Two separate articles in USA Today caught my eye yesterday. In the first, It was reported that you can buy a complete, albeit spurious, identity for a mere $14. This small article referred to the recently-released Internet Security Threat Report, published by Symantec. Other interesting commentary on this report can be found here and here. As I was scanning the report, I bumped into a new (at least to me) and intriguing term: “underground economy servers,” referring to servers “used by criminals and criminal organizations to sell stolen information, typically for subsequent use in identity theft. This data can include government-issued identity numbers, credit cards, bank cards and personal identification numbers (PINs), user accounts, and email address lists.

Just think – a sinister economy based on phishing for and selling stolen Identities. But instead of secretive, smoke-filled, poorly lit rooms in some back-alley dive, this economy is purring along in modern data centers, right under our collective noses. Sounds downright scary if you stop to think about it.

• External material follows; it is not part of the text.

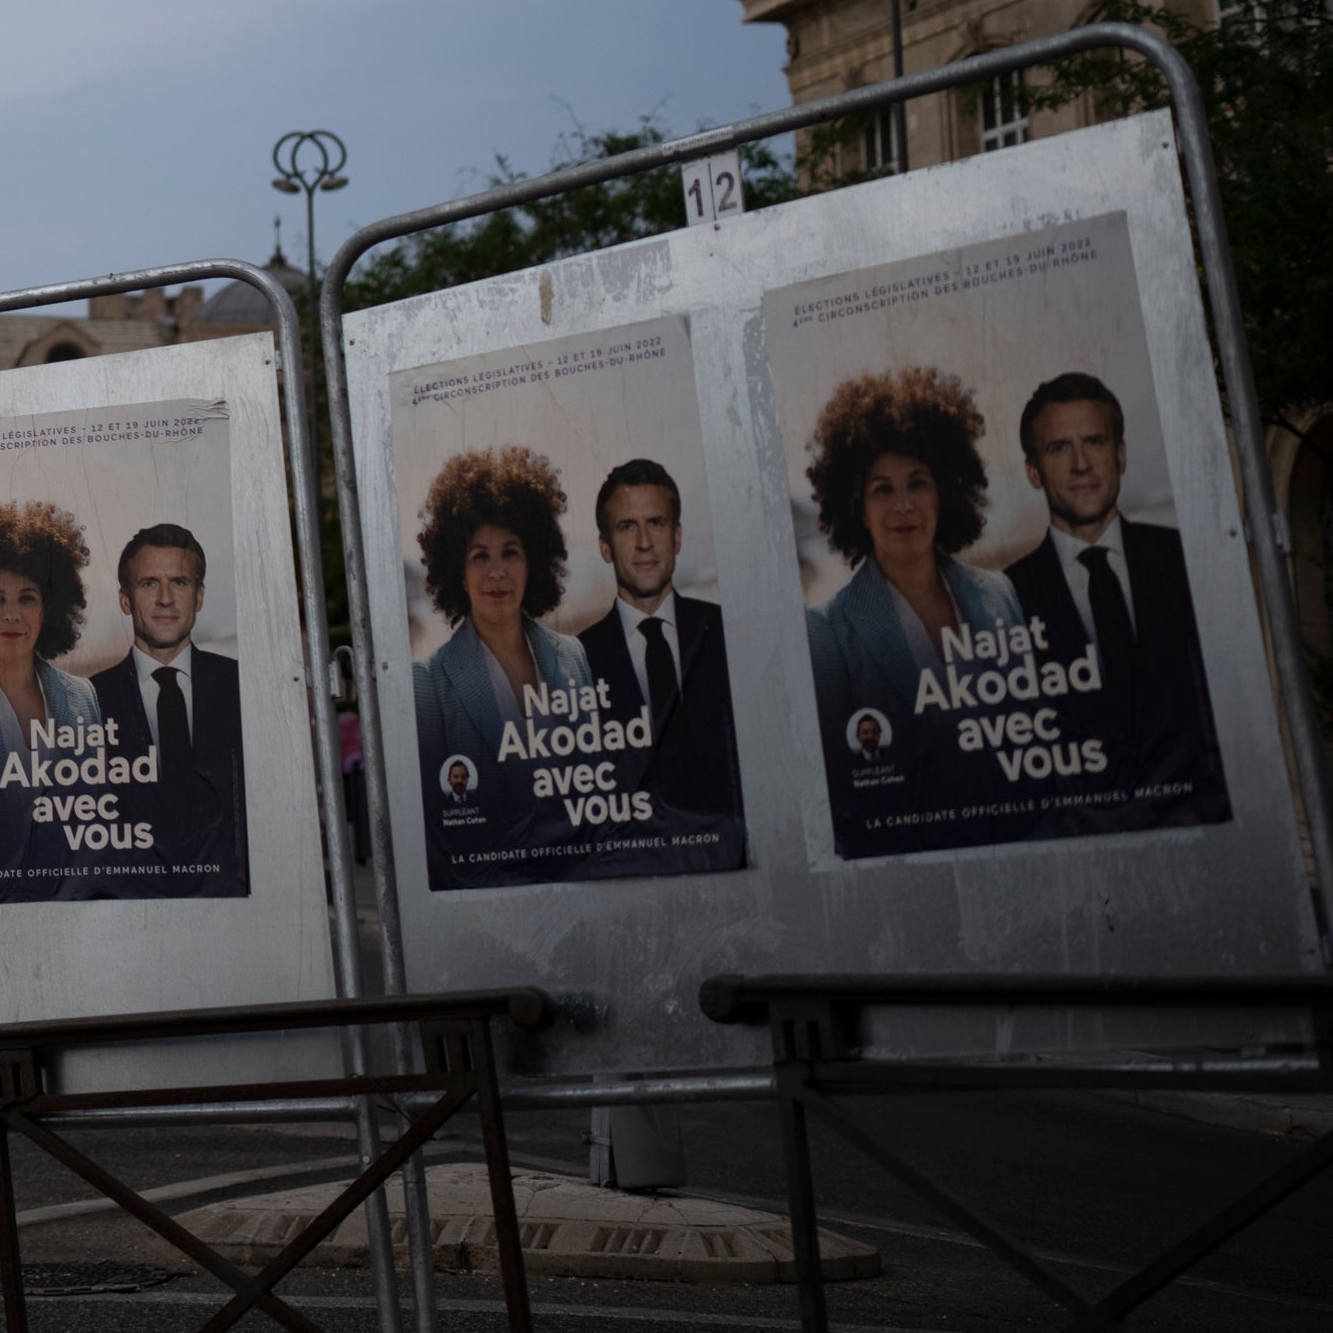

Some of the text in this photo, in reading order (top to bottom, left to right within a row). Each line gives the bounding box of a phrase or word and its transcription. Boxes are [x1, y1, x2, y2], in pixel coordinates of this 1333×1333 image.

That leads me to the next article – a larger treatise on the front page of the USA Today Money Section. It seems that two former IRS agents established a couple of obscure corporations right here in the US just to show how easy it is to set up and operate an untraceable money laundering operation without leaving the comfortable confines of the US.

Talk about “underground economy servers!” Just think – the Identity Theft guys could engage the Money Laundering guys and funnel all that money that comes from $14 identity sales out of the country quick as a wink, using the same banking system they are defrauding.

Sounds pretty “underground” to me.

Note: photo from Barron’s Online.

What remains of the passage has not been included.